Not getting on furniture and waiting at doorways etc has nothing to do with the pack theory! It is simple manners plus setting boundaries and rules to be enforced by the household so that Archie can start to work within, it should give him some consistency and clarity in what is expected of him and take away any self imposed responsibility he's given himself - it should let him be a dog  ;). Stopping the dog leaving the house before you or at a gate while out walking is also safer....you get to see what is the other side before they go through possibly into a field of sheep or just as a cat ambles past outside (although in his house they don't tend to do that any more  ;) )

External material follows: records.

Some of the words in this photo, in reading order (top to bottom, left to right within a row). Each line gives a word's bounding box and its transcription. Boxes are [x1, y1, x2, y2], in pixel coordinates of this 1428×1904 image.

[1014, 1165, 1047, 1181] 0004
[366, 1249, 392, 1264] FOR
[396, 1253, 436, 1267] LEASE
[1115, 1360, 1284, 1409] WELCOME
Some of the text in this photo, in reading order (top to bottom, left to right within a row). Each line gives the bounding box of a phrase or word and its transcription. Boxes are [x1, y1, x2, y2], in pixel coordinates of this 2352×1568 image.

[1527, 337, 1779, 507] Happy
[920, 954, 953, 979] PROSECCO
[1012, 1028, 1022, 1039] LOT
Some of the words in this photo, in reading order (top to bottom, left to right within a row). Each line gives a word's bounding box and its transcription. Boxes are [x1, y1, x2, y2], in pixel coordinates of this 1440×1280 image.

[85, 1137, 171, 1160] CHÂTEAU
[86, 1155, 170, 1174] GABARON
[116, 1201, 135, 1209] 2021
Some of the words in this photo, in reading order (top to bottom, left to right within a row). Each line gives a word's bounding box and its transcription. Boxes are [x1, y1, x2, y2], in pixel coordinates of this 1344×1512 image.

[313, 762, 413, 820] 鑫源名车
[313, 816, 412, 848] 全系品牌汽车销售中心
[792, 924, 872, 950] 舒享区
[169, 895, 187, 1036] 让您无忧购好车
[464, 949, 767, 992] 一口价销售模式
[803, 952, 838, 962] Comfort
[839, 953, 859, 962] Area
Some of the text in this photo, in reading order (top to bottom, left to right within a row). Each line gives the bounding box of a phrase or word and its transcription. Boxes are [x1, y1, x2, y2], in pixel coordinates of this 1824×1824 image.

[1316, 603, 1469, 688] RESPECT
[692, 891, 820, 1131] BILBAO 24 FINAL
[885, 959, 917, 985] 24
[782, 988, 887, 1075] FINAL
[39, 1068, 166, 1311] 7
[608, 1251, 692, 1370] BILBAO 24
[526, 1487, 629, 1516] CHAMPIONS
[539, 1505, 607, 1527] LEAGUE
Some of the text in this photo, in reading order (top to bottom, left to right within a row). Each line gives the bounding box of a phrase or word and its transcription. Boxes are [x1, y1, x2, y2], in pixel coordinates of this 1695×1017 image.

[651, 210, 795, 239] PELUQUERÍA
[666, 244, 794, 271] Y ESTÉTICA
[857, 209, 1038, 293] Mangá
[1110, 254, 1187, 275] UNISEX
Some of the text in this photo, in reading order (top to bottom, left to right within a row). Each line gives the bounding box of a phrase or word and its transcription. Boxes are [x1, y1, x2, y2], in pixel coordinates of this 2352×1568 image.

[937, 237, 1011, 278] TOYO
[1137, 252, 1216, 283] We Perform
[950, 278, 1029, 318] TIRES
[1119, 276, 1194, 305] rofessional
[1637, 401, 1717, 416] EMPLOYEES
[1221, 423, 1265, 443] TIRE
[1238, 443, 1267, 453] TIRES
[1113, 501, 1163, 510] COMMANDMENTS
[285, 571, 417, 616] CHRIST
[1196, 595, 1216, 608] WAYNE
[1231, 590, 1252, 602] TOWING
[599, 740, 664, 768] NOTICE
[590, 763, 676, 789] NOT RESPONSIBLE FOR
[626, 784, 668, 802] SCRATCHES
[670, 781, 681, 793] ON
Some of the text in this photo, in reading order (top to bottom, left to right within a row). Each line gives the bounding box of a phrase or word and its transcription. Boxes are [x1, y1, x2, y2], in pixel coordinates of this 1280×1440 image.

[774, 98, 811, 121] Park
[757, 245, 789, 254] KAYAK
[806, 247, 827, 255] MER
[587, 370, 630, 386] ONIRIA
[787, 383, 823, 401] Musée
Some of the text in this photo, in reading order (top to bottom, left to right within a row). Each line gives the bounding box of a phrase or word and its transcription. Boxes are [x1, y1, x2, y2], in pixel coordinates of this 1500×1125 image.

Geordietyke, I know you have worked really hard with Archie and you want the best quality food for him but sometimes that just doesn't suit and while the "poorer quality" foods do have fillers etc it may be worth exploring a lower protein food of it's going to help him.  Stuff what others think to the brand, if it suits Arhie and helps him calm down it's worth a go - possibly longer term you can move him onto something better  :shades:

I'd still have a chat to the Vet about other options, as I said before, a Vet won't put down a healthy dog without good reason.